**Recorded information**

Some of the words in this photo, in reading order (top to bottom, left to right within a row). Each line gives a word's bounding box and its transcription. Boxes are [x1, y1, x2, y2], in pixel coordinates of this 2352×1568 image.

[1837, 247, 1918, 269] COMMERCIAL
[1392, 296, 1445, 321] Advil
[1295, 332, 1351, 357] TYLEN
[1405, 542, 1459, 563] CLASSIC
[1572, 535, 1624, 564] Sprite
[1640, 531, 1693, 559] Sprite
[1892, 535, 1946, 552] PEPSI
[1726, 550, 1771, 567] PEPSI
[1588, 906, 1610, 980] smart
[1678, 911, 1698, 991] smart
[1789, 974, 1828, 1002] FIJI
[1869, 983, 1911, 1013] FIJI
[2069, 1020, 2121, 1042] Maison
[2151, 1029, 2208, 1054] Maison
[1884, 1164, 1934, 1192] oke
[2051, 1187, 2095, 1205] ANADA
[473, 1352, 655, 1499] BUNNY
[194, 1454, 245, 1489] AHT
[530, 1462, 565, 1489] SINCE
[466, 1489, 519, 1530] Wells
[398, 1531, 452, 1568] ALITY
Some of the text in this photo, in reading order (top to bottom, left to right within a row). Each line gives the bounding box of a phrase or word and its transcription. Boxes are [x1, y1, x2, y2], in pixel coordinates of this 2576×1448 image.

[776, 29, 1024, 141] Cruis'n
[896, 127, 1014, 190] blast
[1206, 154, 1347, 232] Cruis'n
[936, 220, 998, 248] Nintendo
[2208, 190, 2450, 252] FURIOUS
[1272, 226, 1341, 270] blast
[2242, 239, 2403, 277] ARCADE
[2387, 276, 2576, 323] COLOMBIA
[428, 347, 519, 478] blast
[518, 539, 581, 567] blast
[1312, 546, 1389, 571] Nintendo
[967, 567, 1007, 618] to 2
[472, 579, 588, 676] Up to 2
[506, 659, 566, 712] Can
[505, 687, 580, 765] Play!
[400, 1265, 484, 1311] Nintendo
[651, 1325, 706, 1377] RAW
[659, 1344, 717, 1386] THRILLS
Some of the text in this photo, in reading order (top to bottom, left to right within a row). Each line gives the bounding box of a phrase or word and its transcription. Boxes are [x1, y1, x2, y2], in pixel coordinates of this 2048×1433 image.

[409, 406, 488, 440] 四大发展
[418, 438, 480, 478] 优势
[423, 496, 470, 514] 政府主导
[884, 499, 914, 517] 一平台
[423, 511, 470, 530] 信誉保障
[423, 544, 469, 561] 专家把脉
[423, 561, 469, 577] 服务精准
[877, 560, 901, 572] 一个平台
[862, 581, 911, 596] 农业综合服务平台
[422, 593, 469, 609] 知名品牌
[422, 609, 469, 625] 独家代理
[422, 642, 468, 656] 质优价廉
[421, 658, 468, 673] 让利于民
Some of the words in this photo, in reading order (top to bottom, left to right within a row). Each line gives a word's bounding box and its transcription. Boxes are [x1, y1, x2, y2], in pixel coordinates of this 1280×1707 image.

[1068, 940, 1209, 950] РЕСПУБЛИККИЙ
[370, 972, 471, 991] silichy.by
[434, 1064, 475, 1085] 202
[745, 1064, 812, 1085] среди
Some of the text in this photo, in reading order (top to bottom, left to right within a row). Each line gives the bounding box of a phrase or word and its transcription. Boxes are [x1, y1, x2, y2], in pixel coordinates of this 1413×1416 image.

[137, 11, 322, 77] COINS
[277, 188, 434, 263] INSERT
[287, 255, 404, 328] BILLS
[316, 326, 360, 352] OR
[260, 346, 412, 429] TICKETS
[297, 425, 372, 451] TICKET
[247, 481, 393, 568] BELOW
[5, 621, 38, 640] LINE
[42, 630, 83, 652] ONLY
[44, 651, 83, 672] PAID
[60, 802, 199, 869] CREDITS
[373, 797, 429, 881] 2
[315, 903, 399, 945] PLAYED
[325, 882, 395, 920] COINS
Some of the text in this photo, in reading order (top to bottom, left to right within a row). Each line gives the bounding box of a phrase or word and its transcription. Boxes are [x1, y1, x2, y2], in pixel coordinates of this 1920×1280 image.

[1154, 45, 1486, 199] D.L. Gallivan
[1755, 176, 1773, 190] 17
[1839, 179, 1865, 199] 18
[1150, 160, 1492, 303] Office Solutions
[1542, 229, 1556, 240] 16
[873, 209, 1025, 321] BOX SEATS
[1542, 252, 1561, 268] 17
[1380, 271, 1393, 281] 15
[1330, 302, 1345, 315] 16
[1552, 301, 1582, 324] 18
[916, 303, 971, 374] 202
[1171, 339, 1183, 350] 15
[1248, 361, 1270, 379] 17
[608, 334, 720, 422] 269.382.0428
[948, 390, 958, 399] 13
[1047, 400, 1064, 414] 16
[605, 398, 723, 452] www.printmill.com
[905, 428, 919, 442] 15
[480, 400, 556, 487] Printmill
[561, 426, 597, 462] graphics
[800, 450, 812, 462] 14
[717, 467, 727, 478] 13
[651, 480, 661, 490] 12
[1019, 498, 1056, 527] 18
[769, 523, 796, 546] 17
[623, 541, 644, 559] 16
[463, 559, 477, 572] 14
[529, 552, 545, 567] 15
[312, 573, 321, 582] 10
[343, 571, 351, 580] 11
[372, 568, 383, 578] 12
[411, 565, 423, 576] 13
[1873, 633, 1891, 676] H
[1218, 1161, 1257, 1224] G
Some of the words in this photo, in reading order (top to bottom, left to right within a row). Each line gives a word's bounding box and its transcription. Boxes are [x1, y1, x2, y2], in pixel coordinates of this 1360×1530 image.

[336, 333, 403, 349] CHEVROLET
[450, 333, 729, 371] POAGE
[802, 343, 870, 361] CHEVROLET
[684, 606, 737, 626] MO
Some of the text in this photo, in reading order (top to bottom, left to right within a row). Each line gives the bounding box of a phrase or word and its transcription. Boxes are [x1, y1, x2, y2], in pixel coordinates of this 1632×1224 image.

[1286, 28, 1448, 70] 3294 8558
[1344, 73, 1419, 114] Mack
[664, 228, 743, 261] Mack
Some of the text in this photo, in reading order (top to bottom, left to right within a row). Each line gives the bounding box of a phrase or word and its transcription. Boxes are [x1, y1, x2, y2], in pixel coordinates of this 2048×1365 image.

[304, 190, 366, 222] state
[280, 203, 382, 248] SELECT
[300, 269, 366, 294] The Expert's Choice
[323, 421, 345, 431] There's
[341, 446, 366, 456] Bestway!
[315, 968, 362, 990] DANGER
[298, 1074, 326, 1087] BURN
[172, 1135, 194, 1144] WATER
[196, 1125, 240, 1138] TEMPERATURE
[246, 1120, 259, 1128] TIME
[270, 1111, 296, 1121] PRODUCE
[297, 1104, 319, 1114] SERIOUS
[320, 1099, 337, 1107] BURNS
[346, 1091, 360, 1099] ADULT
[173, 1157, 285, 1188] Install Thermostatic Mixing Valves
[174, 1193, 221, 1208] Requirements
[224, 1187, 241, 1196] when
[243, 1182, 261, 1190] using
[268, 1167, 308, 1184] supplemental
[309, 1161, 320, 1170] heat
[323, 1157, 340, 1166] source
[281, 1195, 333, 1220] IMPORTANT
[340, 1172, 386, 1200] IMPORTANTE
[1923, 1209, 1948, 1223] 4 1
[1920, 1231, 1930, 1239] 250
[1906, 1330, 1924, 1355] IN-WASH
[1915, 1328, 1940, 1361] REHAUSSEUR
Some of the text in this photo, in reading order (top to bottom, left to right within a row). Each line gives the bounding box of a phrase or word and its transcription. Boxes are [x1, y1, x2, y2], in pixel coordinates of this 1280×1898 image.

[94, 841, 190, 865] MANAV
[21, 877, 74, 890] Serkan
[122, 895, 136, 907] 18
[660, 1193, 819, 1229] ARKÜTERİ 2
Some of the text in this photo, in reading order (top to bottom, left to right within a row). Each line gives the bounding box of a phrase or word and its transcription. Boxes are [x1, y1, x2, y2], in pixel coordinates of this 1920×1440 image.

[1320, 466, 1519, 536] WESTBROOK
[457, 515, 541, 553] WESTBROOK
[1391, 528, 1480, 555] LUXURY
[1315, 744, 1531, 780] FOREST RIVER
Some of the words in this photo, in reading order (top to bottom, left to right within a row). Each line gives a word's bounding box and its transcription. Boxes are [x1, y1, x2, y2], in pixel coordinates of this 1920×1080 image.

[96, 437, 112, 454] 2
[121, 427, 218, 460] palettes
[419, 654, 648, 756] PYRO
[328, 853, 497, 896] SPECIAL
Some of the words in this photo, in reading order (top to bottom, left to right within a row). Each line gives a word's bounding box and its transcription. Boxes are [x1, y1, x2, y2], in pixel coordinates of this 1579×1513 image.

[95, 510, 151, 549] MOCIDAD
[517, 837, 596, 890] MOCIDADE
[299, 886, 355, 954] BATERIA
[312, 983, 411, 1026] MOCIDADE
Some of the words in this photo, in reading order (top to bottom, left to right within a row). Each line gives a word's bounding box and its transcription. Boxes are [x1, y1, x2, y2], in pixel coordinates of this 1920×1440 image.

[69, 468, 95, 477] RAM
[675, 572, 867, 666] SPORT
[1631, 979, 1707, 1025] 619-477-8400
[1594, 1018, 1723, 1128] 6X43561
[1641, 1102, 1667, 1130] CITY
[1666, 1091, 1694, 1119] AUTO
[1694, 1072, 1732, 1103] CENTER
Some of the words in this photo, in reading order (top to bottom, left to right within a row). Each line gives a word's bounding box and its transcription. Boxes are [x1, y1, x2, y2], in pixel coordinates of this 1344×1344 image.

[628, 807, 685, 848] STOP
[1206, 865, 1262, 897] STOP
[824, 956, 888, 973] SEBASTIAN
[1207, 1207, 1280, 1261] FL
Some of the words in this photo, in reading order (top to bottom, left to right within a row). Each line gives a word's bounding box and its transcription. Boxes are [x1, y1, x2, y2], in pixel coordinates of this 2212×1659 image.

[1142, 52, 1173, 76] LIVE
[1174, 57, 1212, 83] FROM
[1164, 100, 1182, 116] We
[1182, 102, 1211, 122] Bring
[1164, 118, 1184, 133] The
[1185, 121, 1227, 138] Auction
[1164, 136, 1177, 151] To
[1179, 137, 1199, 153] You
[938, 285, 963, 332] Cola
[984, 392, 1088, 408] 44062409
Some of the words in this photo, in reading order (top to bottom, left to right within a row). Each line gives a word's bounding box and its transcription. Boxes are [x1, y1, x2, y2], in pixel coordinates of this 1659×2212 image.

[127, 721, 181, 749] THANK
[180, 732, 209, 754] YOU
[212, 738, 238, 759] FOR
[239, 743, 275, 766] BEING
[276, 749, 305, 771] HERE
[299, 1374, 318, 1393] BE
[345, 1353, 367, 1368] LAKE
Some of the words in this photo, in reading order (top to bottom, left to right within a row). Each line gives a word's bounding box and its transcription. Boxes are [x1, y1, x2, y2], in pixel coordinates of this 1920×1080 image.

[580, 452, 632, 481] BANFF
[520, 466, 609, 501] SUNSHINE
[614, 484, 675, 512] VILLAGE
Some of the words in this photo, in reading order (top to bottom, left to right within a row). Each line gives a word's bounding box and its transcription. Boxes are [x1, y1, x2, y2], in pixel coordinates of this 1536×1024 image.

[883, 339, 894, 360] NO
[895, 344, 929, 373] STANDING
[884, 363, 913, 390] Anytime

**Task**
Repeat exactly the lines starting at the line with "this 1536×1024 image." and ending with the final line of the entries. Include nothing else.

**Response area**
Some of the words in this photo, in reading order (top to bottom, left to right within a row). Each line gives a word's bounding box and its transcription. Boxes are [x1, y1, x2, y2], in pixel coordinates of this 1536×1024 image.

[883, 339, 894, 360] NO
[895, 344, 929, 373] STANDING
[884, 363, 913, 390] Anytime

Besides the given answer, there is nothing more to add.